> **TASK TO COMPLETE**: Find the line that contains "this 1600×1200 image.". Output it and every line after it to the end of the records, exactly as they appear.

Stored items:
BEGIN

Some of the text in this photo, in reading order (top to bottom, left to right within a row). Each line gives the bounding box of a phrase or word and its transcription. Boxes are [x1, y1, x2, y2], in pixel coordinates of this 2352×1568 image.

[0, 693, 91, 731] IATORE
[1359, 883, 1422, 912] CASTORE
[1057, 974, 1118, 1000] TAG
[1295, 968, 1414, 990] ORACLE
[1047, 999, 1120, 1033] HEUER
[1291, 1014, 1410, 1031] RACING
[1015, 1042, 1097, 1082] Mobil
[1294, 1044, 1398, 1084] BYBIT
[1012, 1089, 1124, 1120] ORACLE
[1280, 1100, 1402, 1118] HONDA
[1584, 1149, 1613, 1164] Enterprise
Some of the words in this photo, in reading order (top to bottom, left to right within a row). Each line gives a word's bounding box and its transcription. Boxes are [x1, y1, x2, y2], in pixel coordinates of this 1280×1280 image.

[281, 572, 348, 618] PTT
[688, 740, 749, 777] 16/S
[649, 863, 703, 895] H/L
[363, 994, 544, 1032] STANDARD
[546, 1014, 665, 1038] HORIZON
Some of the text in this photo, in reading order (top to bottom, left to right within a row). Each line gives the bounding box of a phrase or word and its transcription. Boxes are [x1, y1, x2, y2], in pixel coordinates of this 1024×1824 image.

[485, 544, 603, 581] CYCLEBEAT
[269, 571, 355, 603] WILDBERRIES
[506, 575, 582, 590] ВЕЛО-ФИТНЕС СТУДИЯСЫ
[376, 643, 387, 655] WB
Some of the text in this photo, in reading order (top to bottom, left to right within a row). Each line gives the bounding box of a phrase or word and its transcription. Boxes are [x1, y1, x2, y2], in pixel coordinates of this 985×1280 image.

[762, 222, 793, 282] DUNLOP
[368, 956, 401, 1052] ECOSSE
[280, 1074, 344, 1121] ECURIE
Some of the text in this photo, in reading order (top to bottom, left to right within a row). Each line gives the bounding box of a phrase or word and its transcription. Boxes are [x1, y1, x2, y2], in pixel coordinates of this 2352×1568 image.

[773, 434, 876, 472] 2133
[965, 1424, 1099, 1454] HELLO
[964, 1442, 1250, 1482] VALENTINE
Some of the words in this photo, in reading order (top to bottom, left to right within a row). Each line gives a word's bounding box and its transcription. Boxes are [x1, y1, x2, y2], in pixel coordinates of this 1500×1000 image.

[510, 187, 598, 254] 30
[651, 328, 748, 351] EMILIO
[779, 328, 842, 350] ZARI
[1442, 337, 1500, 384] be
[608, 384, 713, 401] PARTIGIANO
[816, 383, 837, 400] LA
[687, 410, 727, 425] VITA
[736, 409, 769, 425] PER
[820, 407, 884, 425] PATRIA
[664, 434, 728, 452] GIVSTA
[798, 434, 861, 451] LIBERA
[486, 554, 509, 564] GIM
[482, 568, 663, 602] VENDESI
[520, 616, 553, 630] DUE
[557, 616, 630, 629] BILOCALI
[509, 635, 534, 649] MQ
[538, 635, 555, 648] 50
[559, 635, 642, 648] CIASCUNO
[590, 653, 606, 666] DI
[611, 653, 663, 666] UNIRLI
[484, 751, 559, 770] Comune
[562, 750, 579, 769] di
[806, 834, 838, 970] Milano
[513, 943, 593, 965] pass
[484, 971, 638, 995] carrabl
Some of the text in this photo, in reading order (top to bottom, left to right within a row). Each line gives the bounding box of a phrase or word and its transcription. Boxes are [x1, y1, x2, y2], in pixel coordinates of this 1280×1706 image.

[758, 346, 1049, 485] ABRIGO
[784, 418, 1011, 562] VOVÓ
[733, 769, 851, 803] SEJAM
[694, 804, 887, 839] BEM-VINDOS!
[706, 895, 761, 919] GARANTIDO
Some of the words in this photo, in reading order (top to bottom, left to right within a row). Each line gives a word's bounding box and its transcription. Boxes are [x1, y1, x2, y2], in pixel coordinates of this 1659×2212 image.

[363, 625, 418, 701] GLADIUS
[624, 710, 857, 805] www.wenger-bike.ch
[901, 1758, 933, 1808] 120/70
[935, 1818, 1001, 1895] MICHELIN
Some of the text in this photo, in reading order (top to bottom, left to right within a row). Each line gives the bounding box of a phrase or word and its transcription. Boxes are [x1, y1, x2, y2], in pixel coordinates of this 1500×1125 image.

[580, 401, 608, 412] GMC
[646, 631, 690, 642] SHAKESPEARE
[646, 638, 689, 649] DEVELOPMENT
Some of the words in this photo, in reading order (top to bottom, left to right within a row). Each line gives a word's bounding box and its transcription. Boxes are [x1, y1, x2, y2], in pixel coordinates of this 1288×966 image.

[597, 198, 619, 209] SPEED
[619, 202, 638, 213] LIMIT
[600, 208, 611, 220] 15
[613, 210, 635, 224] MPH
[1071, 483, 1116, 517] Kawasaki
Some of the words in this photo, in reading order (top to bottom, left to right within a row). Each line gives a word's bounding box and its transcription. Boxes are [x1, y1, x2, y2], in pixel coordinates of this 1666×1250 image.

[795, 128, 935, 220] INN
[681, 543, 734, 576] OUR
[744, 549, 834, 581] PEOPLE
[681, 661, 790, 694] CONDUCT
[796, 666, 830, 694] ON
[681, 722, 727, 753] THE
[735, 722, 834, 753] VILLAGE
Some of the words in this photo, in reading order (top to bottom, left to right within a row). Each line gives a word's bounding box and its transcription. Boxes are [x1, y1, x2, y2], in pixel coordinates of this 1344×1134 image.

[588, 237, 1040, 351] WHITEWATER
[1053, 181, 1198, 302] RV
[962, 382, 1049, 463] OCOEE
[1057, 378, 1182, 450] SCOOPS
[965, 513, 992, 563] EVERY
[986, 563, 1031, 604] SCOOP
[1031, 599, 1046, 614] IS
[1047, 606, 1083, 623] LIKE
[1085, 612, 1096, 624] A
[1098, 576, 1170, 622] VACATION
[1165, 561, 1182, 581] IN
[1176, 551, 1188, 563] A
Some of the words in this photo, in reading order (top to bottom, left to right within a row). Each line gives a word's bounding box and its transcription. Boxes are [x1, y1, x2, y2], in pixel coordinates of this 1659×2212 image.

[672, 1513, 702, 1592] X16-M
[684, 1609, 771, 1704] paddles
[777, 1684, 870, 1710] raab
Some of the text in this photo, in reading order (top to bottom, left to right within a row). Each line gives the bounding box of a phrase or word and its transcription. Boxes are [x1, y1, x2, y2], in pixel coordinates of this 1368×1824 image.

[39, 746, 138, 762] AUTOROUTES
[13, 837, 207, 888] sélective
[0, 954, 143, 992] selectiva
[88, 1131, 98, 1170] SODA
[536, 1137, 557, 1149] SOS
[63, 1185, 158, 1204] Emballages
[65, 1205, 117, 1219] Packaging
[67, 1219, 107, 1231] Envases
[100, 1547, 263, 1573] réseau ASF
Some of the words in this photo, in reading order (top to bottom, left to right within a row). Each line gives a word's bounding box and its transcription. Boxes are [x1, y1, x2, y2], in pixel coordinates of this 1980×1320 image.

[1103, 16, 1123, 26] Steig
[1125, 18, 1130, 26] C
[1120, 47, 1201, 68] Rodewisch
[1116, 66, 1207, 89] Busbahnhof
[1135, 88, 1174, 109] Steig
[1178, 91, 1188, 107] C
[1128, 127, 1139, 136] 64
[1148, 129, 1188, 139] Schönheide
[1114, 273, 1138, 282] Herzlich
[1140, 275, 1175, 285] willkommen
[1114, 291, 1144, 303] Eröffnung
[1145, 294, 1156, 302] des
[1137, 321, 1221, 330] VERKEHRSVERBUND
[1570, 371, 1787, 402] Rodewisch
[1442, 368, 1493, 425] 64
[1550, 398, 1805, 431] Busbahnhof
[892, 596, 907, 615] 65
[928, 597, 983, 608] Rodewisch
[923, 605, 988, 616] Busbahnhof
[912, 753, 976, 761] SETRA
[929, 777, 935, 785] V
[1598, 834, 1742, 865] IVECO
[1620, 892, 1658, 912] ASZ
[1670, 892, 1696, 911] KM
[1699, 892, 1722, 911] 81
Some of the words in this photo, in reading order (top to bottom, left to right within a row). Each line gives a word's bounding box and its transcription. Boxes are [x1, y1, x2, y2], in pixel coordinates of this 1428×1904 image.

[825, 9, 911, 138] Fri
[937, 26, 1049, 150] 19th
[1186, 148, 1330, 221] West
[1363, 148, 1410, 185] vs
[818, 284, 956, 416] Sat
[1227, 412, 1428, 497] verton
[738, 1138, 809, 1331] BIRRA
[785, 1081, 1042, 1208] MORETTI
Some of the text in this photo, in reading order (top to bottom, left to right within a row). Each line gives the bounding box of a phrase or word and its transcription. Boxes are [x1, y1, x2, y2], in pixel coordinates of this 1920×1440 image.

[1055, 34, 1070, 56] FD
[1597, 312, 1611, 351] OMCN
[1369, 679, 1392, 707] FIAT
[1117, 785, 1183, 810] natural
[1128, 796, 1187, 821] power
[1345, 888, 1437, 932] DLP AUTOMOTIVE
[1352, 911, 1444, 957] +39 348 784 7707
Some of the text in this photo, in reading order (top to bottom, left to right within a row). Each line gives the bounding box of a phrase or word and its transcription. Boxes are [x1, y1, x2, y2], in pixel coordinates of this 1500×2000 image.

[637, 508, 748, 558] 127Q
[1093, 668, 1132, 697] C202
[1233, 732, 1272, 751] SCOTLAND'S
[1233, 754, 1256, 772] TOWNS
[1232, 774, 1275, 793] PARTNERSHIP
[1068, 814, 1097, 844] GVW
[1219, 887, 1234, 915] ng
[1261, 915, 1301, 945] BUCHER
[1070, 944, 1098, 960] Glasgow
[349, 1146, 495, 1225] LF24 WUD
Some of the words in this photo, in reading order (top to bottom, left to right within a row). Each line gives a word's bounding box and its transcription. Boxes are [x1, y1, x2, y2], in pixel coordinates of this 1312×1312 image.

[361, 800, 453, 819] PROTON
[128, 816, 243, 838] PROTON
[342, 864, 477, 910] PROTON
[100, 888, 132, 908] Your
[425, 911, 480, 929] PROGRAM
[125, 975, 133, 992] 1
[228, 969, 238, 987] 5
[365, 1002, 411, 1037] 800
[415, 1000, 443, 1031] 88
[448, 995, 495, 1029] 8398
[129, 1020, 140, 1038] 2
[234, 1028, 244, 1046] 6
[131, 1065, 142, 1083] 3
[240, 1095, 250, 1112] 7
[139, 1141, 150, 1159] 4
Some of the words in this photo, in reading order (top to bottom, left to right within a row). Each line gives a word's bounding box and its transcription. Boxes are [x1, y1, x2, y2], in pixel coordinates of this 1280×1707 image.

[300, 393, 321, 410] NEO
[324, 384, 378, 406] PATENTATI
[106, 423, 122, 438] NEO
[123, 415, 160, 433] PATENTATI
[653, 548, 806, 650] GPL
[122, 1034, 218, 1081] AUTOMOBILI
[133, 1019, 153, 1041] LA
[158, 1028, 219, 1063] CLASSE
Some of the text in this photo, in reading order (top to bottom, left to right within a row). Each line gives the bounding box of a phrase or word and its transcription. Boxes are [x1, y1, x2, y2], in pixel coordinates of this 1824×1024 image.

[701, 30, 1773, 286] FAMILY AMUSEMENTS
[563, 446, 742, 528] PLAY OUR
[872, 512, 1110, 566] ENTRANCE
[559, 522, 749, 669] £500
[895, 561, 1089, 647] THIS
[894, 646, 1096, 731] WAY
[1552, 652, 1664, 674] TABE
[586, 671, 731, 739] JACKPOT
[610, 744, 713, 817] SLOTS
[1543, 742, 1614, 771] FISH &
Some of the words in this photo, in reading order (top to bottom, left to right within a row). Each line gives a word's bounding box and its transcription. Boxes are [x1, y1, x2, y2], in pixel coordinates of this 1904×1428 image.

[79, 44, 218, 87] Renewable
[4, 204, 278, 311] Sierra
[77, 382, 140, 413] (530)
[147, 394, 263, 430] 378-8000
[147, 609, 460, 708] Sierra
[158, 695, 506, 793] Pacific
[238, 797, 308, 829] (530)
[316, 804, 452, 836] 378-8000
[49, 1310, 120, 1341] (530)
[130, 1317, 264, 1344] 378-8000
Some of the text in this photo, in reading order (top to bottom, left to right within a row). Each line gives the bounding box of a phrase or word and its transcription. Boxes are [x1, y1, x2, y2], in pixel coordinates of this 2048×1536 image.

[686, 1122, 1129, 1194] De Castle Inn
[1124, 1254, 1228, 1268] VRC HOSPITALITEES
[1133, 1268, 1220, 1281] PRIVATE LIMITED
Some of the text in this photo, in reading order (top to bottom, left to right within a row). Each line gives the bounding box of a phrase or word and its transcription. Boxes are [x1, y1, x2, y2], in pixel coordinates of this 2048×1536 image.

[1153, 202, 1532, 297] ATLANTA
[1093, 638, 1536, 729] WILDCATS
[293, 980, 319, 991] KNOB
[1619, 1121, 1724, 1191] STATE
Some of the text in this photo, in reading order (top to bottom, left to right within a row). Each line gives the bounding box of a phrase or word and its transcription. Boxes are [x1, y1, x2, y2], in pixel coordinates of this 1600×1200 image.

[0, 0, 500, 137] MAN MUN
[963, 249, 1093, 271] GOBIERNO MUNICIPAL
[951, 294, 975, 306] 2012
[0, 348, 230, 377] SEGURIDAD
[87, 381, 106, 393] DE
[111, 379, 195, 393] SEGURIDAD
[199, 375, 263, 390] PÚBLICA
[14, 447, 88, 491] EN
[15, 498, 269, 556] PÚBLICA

END

> **WRITTEN RESPONSE**:
Some of the text in this photo, in reading order (top to bottom, left to right within a row). Each line gives the bounding box of a phrase or word and its transcription. Boxes are [x1, y1, x2, y2], in pixel coordinates of this 1600×1200 image.

[0, 0, 500, 137] MAN MUN
[963, 249, 1093, 271] GOBIERNO MUNICIPAL
[951, 294, 975, 306] 2012
[0, 348, 230, 377] SEGURIDAD
[87, 381, 106, 393] DE
[111, 379, 195, 393] SEGURIDAD
[199, 375, 263, 390] PÚBLICA
[14, 447, 88, 491] EN
[15, 498, 269, 556] PÚBLICA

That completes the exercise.